ADEQUACY OF TITLE 18, UNITED STATES CODE, SECTION 1503 TO DEAL WITH OBSTRUCTION OF COURT DECREES

Section 1503, title 18, United States Code, provides as follows:

"Whoever corruptly, or by threats or force, or by any threatening letter or communication, endeavors to influence, intimidate, or impede any witness, in any court of the United States, or officer who may be serving at any examination or other proceeding before any United States commissioner or other committing magistrate, in the discharge of his duty, or injures any party or witness in his person or property on account of his attending or having attended such court or examination before such officer, commissioner, or other committing magistrate, or on account of his testifying or having testified to any matter pending therein, or injures any such grand or petit juror in his person or property on account of any verdict or indictment assented to by him, or on account of his being or having been such juror, or injures any such officer, commissioner, or other committing magistrate in his person or property on account of the performance of his official duties, or corruptly or by threats or force, or by any threatening letter or communication, influences, obstructs, or impedes, or endeavors to influence, obstruct, or impede, the due administration of justice, shall be fined not more than $5,000 or imprisoned not more than five years, or both."

This statute has been involved in litigation in a number of cases. The more important court decisions in these cases are collected in the United States Code Annotated, title 18, section 1503, and the pocket part to such volume.

1

With respect specifically to the problem of whether this statute extends to acts which are intended to have the effect of thwarting the exercise of rights or the performance of duties flowing from a decree or order of a court, there are a number of decisions which indicate that in all probability the answer would be negative. Under the statute the question would be whether such acts constitute an obstruction to the "due administration of justice" as that phrase is used therein. Section 1503 punishes as obstructions of justice a number of specified acts which may be summarized as follows: (1) intimidation of witnesses in a United States court or before a United States commissioner, (2) intimidation of a grand or petit juror or any Federal judicial officer in discharge of his duty, (3) Injuring a party or witness on account of his appearance or testimony in a Federal judicial proceeding, (4) injuring any grand or petit juror on account of a verdict or indictment, (5) injuring a judicial officer on account of the performance of his duty, and (6) obstructing or impeding "the due administration of justice."

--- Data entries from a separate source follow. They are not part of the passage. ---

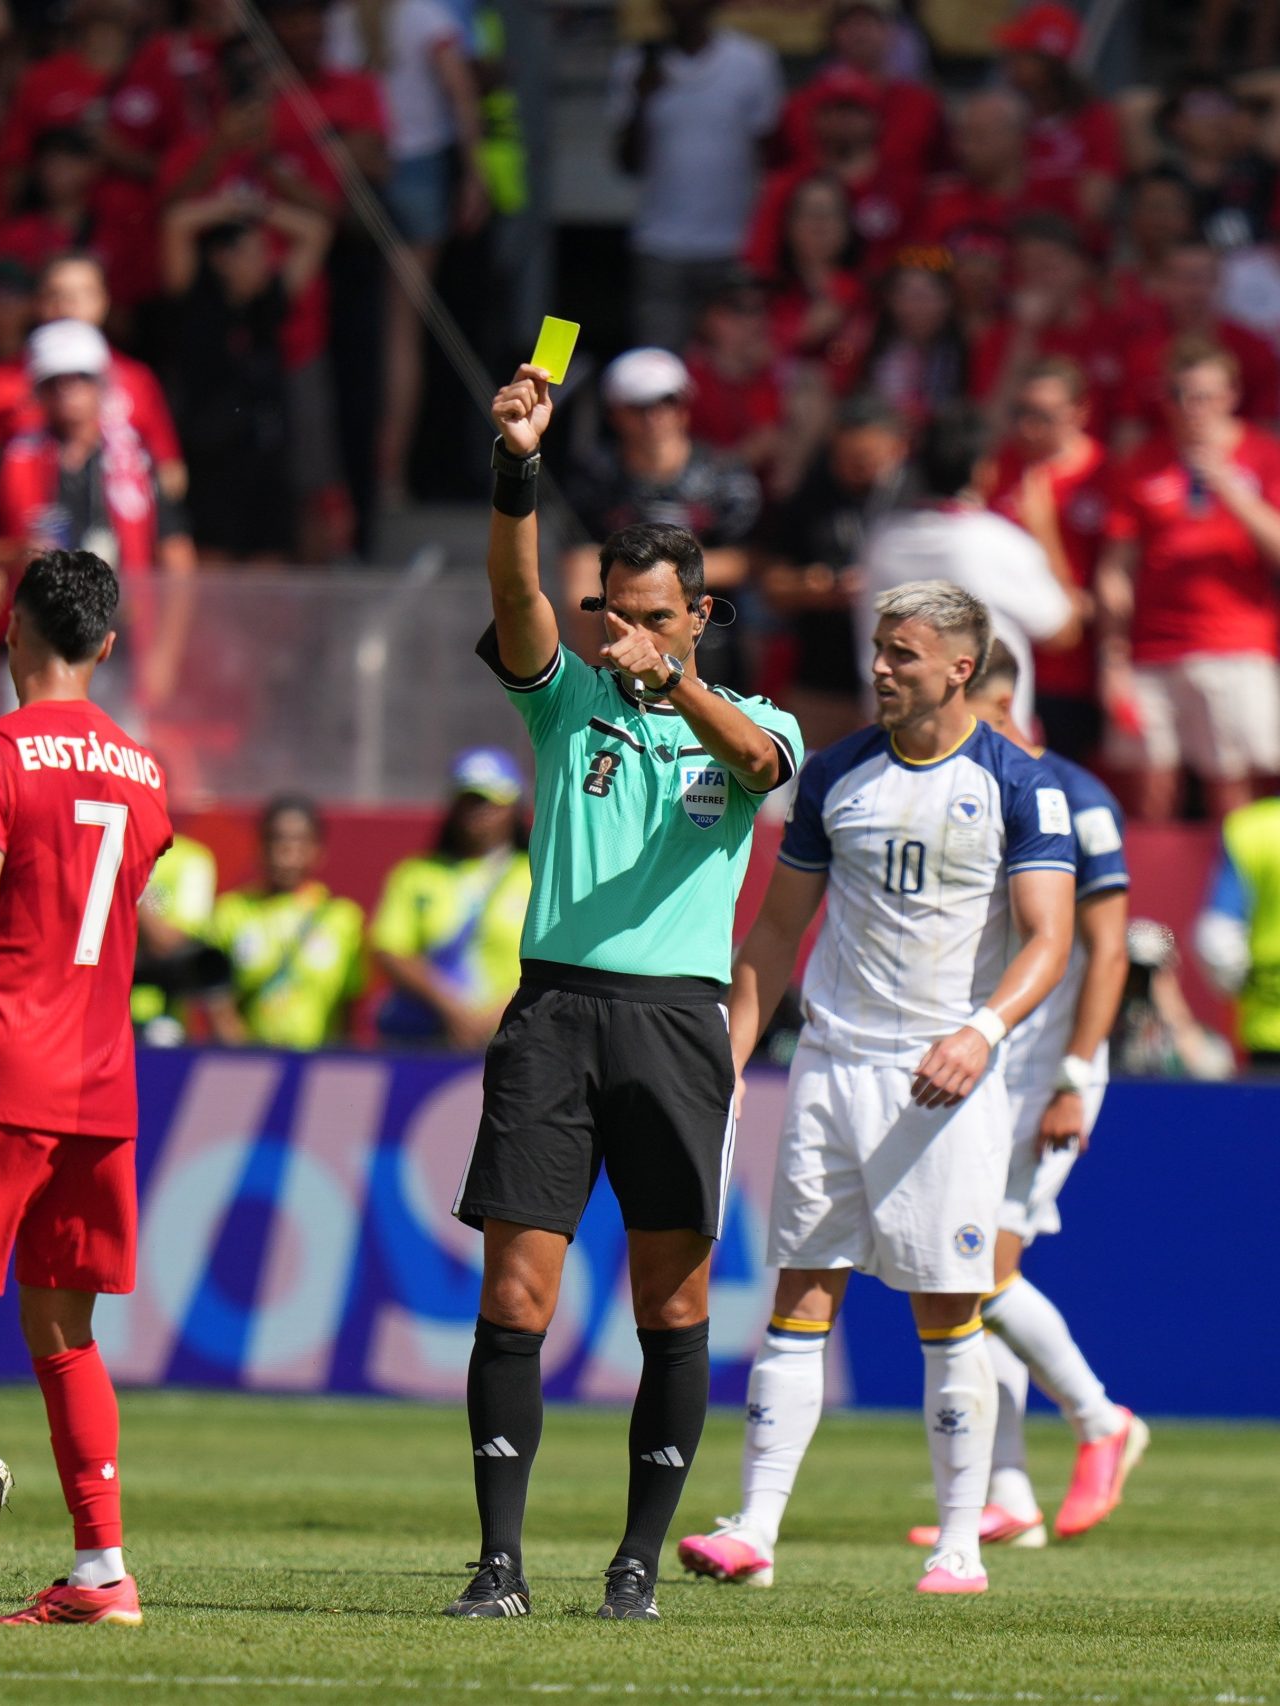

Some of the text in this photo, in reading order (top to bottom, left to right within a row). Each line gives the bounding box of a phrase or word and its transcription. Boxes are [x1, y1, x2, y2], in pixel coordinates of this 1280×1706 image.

[16, 731, 161, 789] EUSTÁQUIO
[686, 771, 726, 787] FIFA
[588, 784, 602, 794] FIFA
[685, 794, 725, 805] REFEREE
[695, 814, 714, 824] 2026
[885, 839, 926, 895] 10
[74, 800, 128, 966] 7

It has been held that the phrase "due administration of justice" is not one of enlargement but of limitation. United States v. Perlstein, 126 F. 2d 789 (C.A. 3, 1941). There the court said (pp. 792-793):

"If we were construing this statute as a matter of original impression we would have held this phrase to be one of enlargement and not of limitation and would have concluded that the statute was designed to punish the obstruction of Federal justice whether a proceeding was pending or ever became pending in a court of the United States. The courts, however, have held that the obstruction cognizable by the act must be in respect to a proceeding brought in the Federal courts."

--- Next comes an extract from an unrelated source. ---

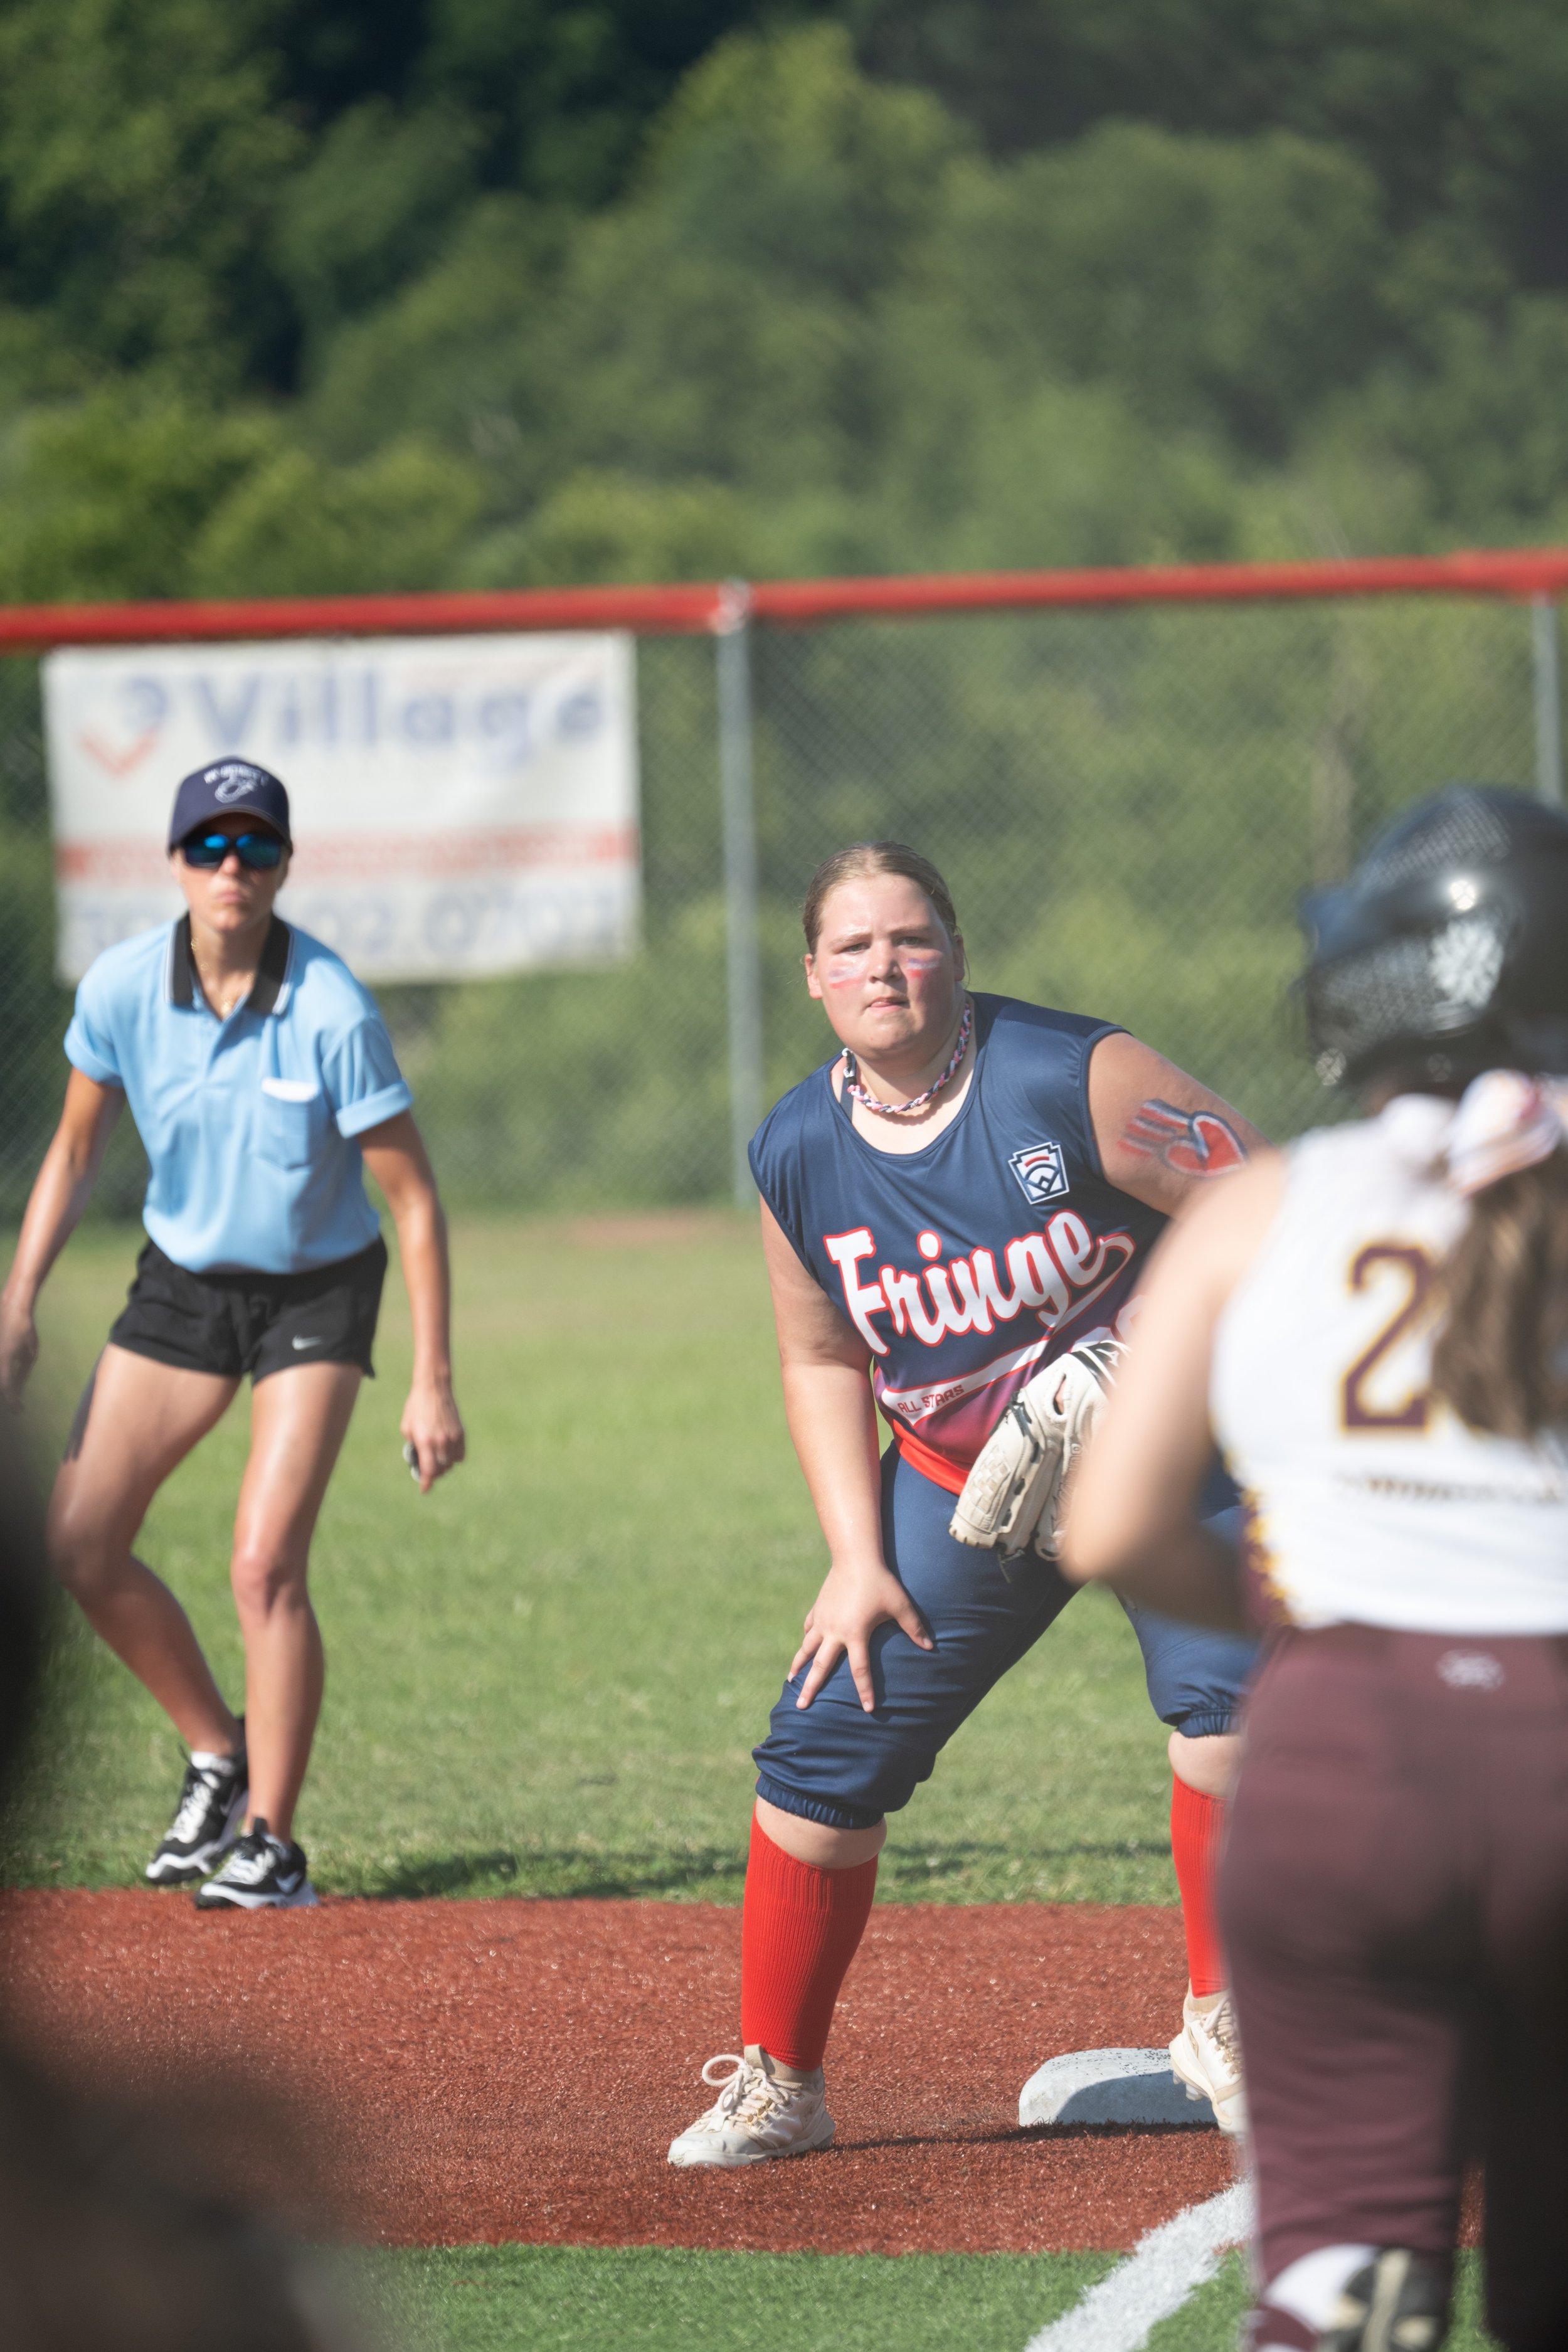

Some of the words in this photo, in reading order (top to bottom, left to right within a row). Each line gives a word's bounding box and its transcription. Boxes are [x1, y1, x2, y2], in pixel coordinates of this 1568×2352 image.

In an early case, United States v. McLeod, 119 Fed. 416 (C.C.N.D. Ala., 1902), the court held that the phrase did not bring within it an assault upon a U.S. commissioner on account of his having required the defendant to execute a bail bond; the approach adopted by the court was that since the commissioner had already performed his duty, the assault could not have influenced or impeded the due administration of justice. It stated (p. 419):

1 There are, of course, other statutes dealing with obstruction of justice in particular circumstances, but it is clear that they are not adequate to meet the problem here involved. 18 U.S.C. sec. 1501 punishes obstruction or resistance to the service or execution of process or assault in connection therewith; 18 U.S.C. sec. 1502 punishes obstruction or resistance to an extradition agent: 18 U.S.C. sec. 1504 relates to written attempts to influence grand or petit jurors; 18 U.S.C. sec. 1505, to obstruction of administrative proceedings and congressional investigations; 18 U.S.C. sec. 1506, to theft or alteration of judicial records; and 18 U.S.C. sec. 1507, to picketing or parading in or near a Federal courthouse or building or residence occupied or used by a Federal judge, juror, witness, or court officer.

"As we have observed, unless there is some case pending in a court, or sought to be brought 'therein,' there is nothing as to which 'the due administration of justice' can be influenced or obstructed 'therein.' This statute does not create the offense of obstructing justice in general or in the abstract.”

In United States v. Mannarino, 149 F. Supp. 351 (D.C.W.D. Pa., 1956), the the court emphasized that the purpose of the statute was to insure "the purity of a trial in progress." And, in United States v. Scoratow, 137 F. Supp. 620 (D.C.W.D., Pa., 1956), it was held that the statute did not apply to threats against witnesses in the course of an FBI investigation and prior to the filing of a complaint with a U.S. commissioner. Citing the Perlstein case, supra, the court stated that the act "must be in relation to a proceeding pending in the Federal courts" (p. 621). It pointed out that since section 1503 is a criminal statute, it must be strictly construed and the phrase "due administration of justice" has to be interpreted with reference to the fact that it is qualified and limied "by the enumeration of specific judicial functions *** in the preceding portion of the section" (pp. 621–622).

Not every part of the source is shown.